Referring expression grounding data
******

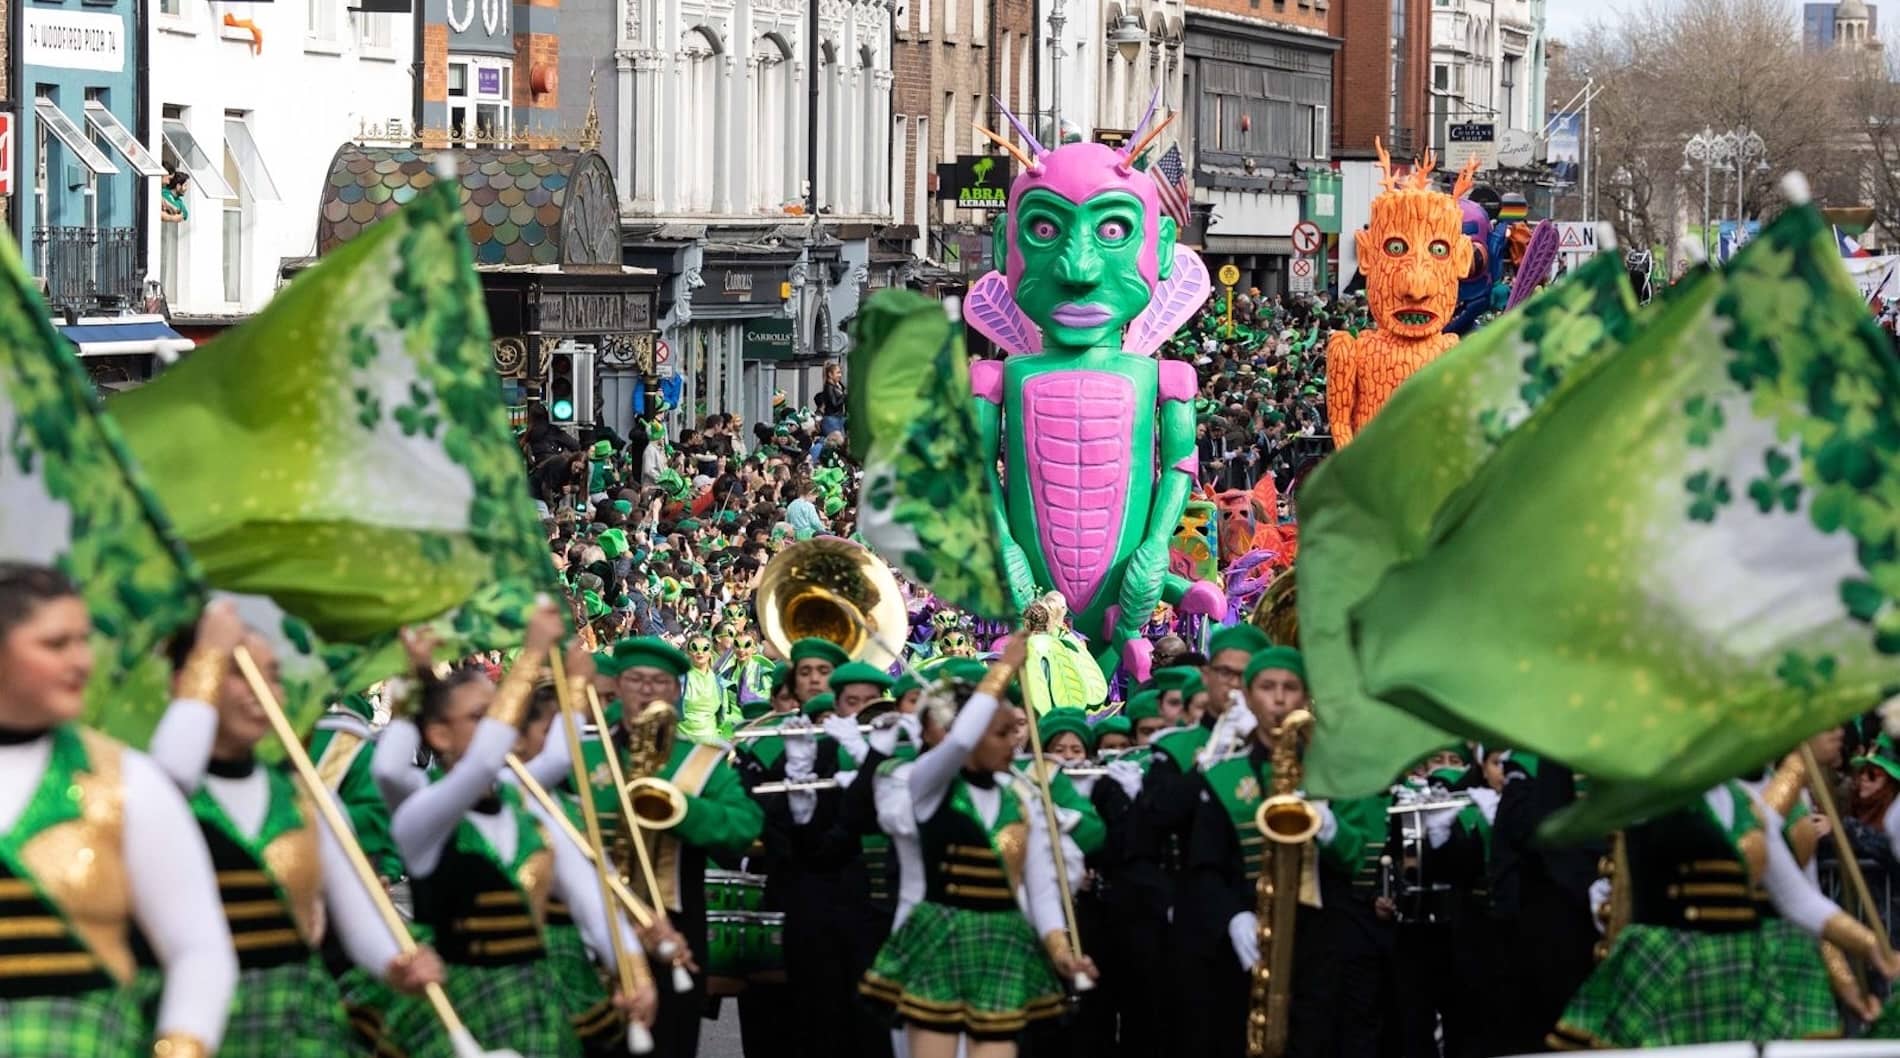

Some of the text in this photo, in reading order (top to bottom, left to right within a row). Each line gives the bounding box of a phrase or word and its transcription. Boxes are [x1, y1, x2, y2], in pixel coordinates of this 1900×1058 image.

[41, 24, 82, 51] WOODFIRED
[85, 28, 105, 52] PIZZA
[959, 187, 1006, 200] ABRA
[747, 330, 791, 342] CARROLLS

******

- _Prompt_: Give the entries above again word for word, without the pictures.

- _Solution to this task_:
Some of the text in this photo, in reading order (top to bottom, left to right within a row). Each line gives the bounding box of a phrase or word and its transcription. Boxes are [x1, y1, x2, y2], in pixel coordinates of this 1900×1058 image.

[41, 24, 82, 51] WOODFIRED
[85, 28, 105, 52] PIZZA
[959, 187, 1006, 200] ABRA
[747, 330, 791, 342] CARROLLS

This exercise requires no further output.